14 November 1911: Ty Cobb at the Colonial Theatre

On this day in 1911, the Athens Banner published an overview of the previous night's performance of The College Widow at the Colonial Theatre downtown, starring baseball great Ty Cobb.

Many baseball players took work as actors in the off-season, some appearing in serious plays, others in vaudeville theater acts, and still others in goofy silent films. Cobb, however, believed acting would not fit him, turning down the original offer to do the play by saying, "I'd go out there and make a horse's ass of myself."

Eventually, playwright George Ade and vaudevillian Eddie Foy, both friends of Cobb, convinced him to take the part of Billy Bolton, an All-American halfback. He had a three-month contract worth $10,000.00. 

Large crowds turned out to see Cobb more than the play itself, which was a romantic comedy about an attractive young widow luring athletes to her school to play for the football team. The College Widow was made into a silent film in 1927, and later a talkie in 1930 with the title Eleven Men and a Girl and featuring actual members of 1929 All-American football team.

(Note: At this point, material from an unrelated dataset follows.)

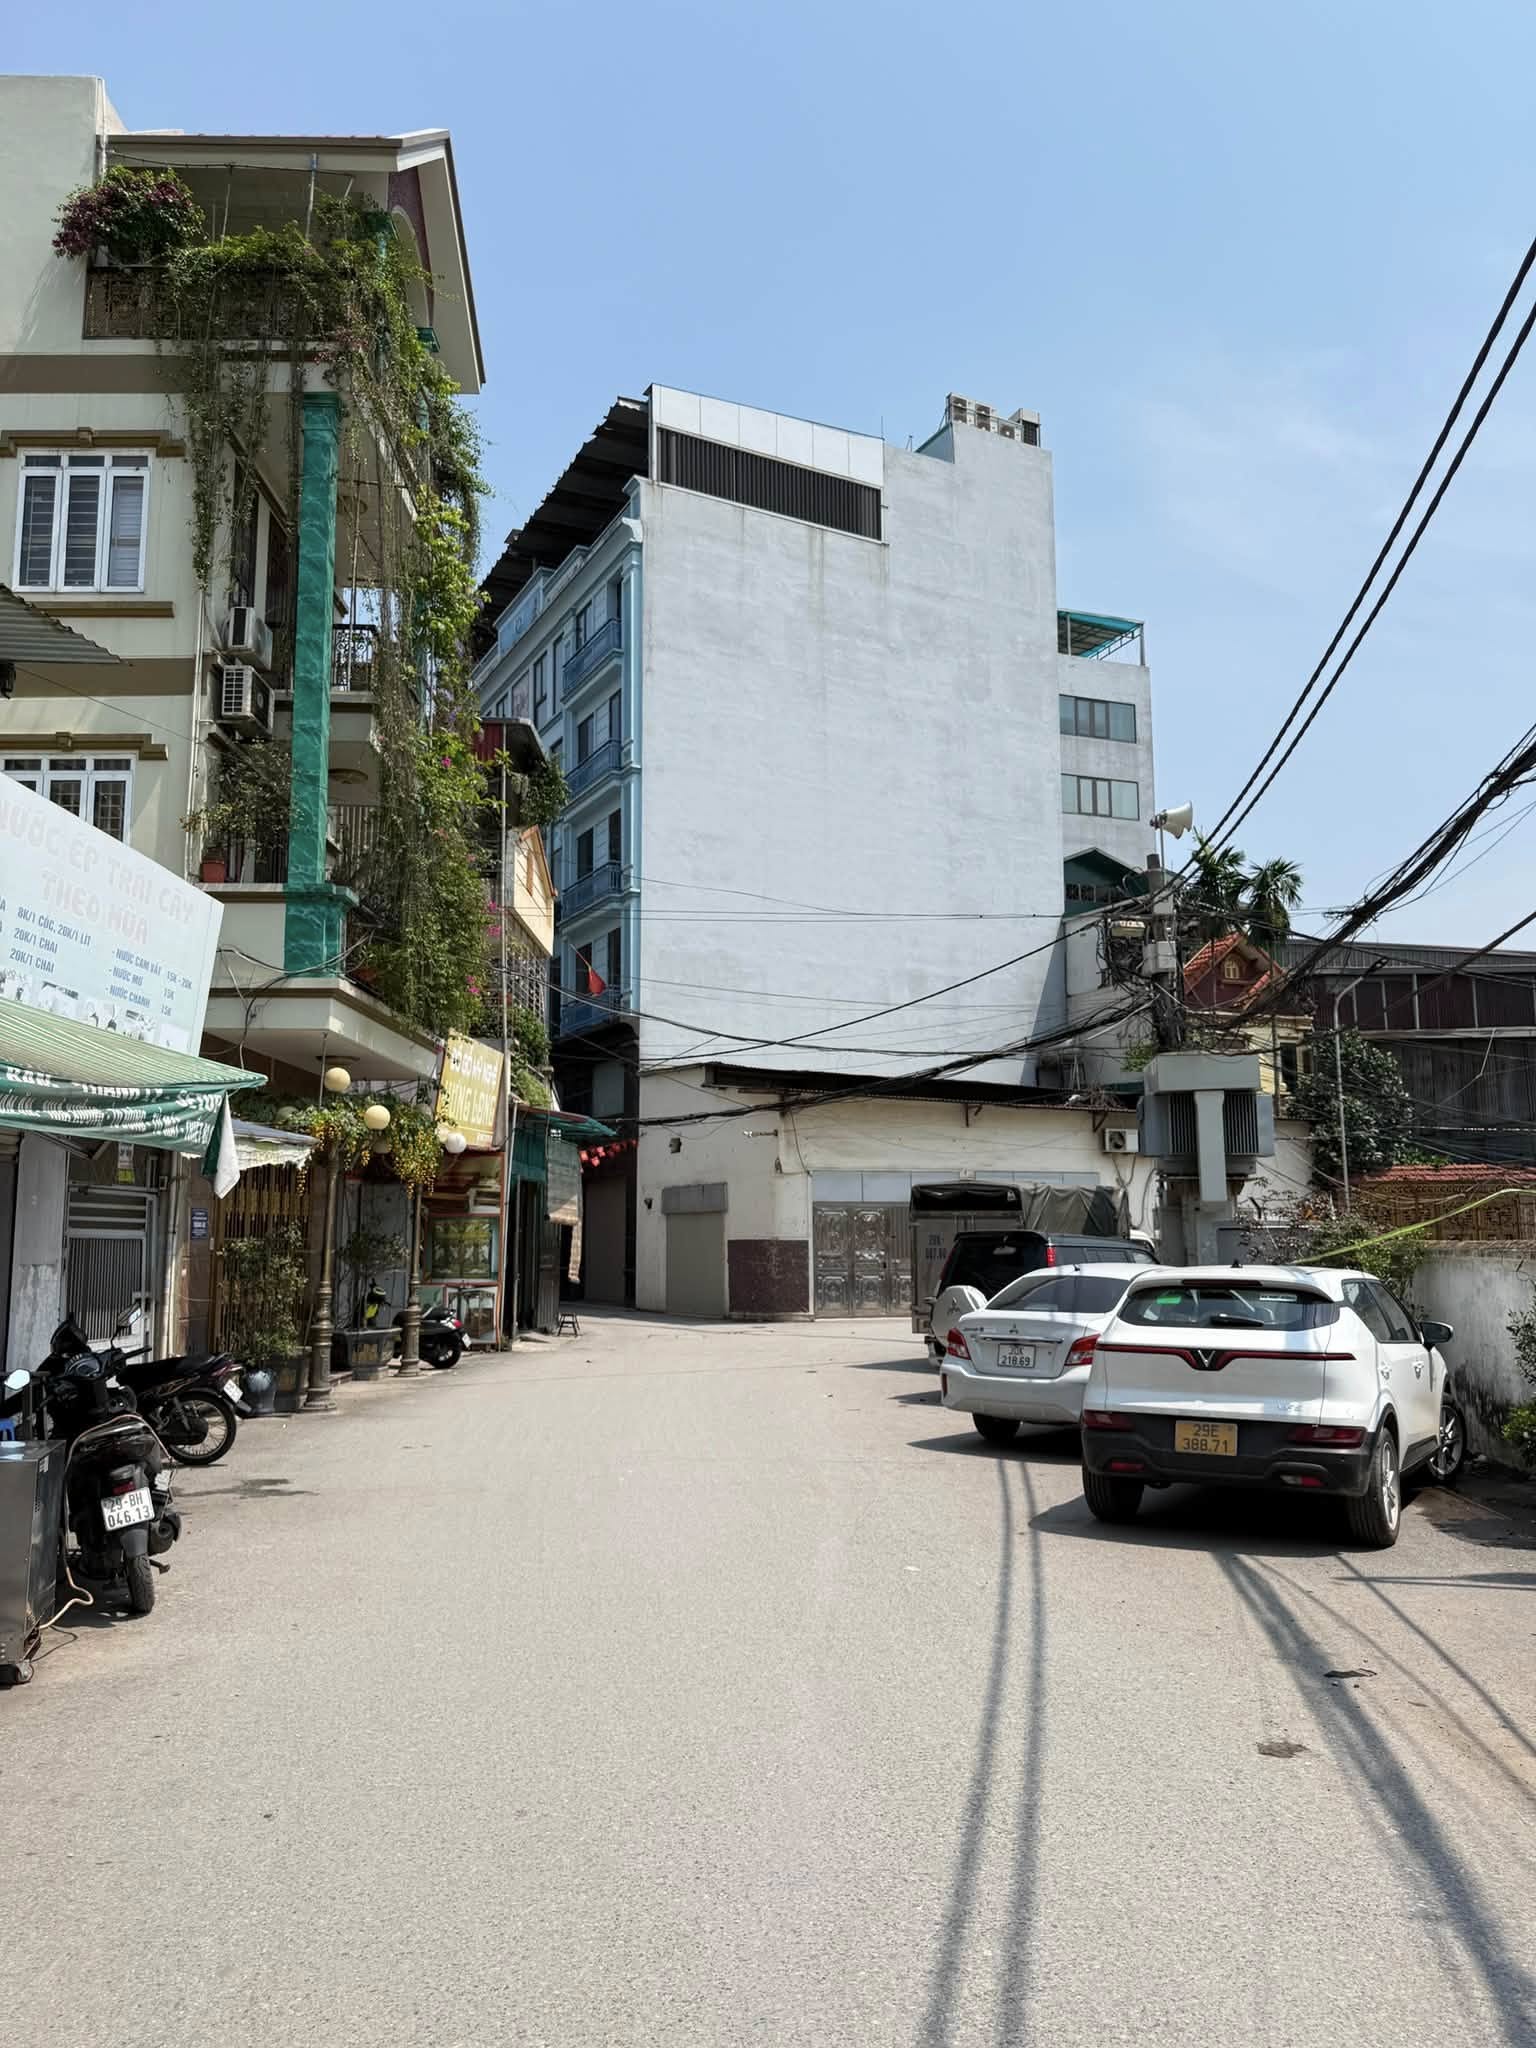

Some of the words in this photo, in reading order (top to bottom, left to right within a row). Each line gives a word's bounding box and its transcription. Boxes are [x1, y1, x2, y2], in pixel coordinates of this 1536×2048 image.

When The College Widow came to the south, Cobb was honored with dinners and presentations in every town. In Athens, "a Dutch dinner" was given at the Elks Club after his performance, and during the repeated encores after the second act of the play, Cobb was presented with a football sweater emblazoned with a Georgia "G" by the Georgia football team captain, "Kid" Woodruff; Cobb wore the sweater during the third act of the play. Cobb's mother and sister were in the audience at the Colonial, travelling from Royston to see him in the performance.

However, Cobb was right that he did not have the temperament for acting. He would drink between acts, and argued with Ade about how few of the comedy's jokes were his lines, causing rewrites as the play toured. After six weeks, Cobb quit the play in Cleveland, and returned to his home in Detroit. 

1911 was one of Ty Cobb's most successful years as a ball player: he hit .420, had 248 hits, scored 147 runs, had 144 runs batted in, stole 83 bases, and lead the league in doubles and triples. Of his brief foray into acting, Cobb later said, "I looked silly as an actor, but the money was right."